時速80km/hですかぁ、、、、風に正対させれば浮き上がりますね、、、
さすがに時間が経つにつれ低気圧が東の海上に離れていくので風が弱まり 1500頃には風速10m/sまで弱まったので、
急いで準備して2フライト
海外からトレーニングに来場している高木さんを優先的に飛ばして16日は撤収
合宿最終日の17日は風も弱まり朝からフライト開始
参加メンバーの搭乗分を順調に消化して、いよいよ自分のフライト
今回は梶さんと一緒に飛べるので、2014年のアンリミテッド参戦のために、アンリミテッドフィギュアに初挑戦
中でも難易度の高いスナップロールとローリングサークル、苦手意識イッパイのアウトサイドループに挑戦です。

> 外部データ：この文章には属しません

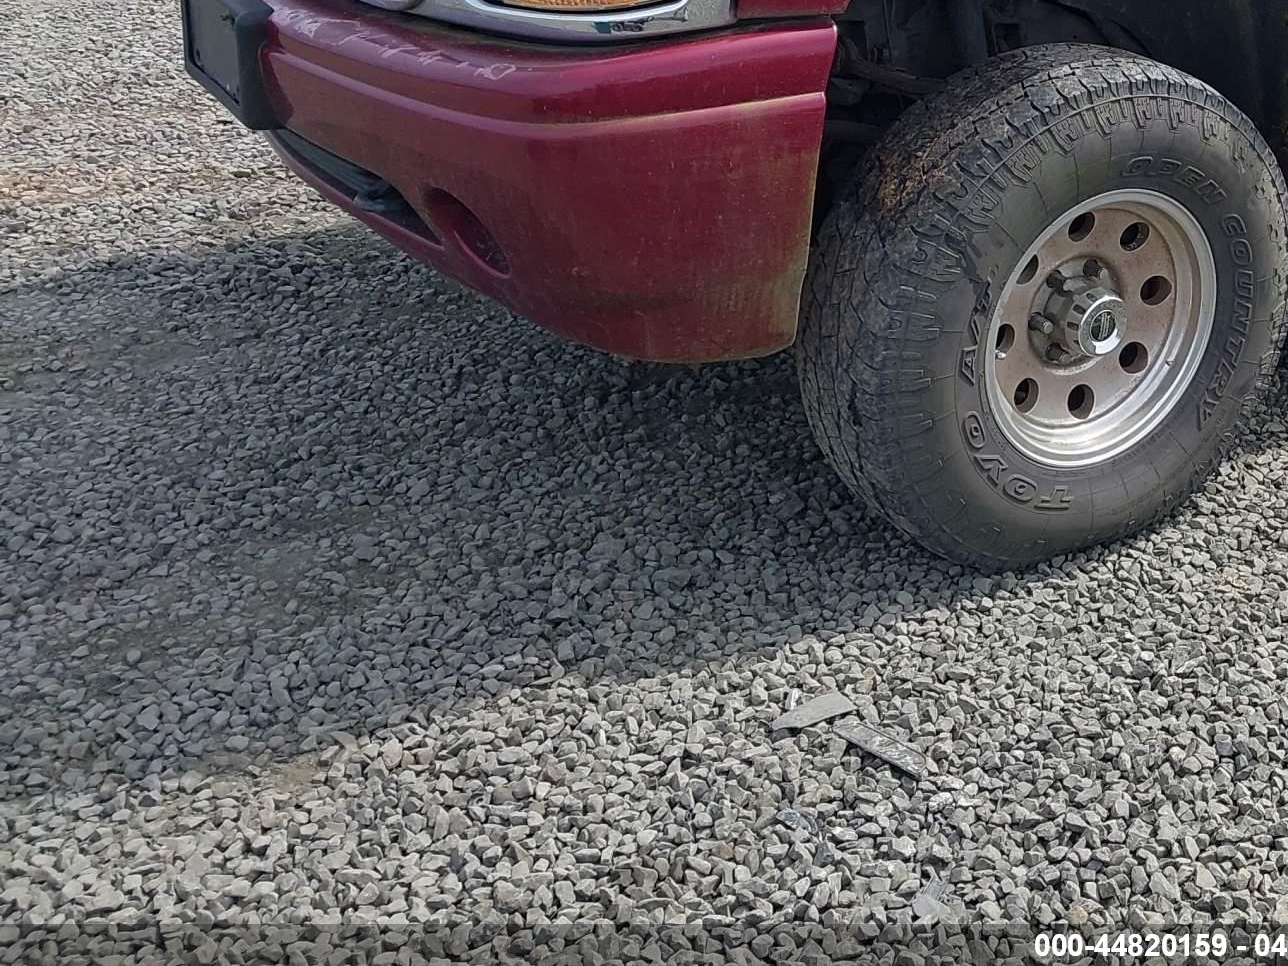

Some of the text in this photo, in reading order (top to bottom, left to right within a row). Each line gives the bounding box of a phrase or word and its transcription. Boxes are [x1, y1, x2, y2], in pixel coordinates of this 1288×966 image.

[1121, 155, 1257, 431] OPEN COUNTRY
[962, 410, 1074, 510] TOYO

スナップロールとは、エルロンを使ったロールとは異なりエレベーターで急激に機首を引き起こすことにより失速迎角を超え、
同時にラダーを任意の方向に入力することにより、片翼失速に持ち込み揚力&抗力バランスを崩して回るロールで
外から見ていると機首が上がった瞬間に内側の翼を引っかけるように一気に回ります。
「片方の翼だけを力任せに気流を引き剥がして回る」姿勢変化の激しいロールです。
これが非常に難しい、動きが早く慣性が大きいので任意の角度に止めるのは至難の業、
引き起こしが大きすぎるとディープストール状態に入りスピン状態が止まらなくなります。
「高速道路を走りながら、サイドブレーキで1回転スピンさせて、何事もなかったように走り続ける」って感じでしょうか?
世界選手権のトップクラスの選手でも成功率は95%程、
もちろんスナップロールもポジティブG(エレベーターを引く)とネガティブG(エレベーターを押す)があります。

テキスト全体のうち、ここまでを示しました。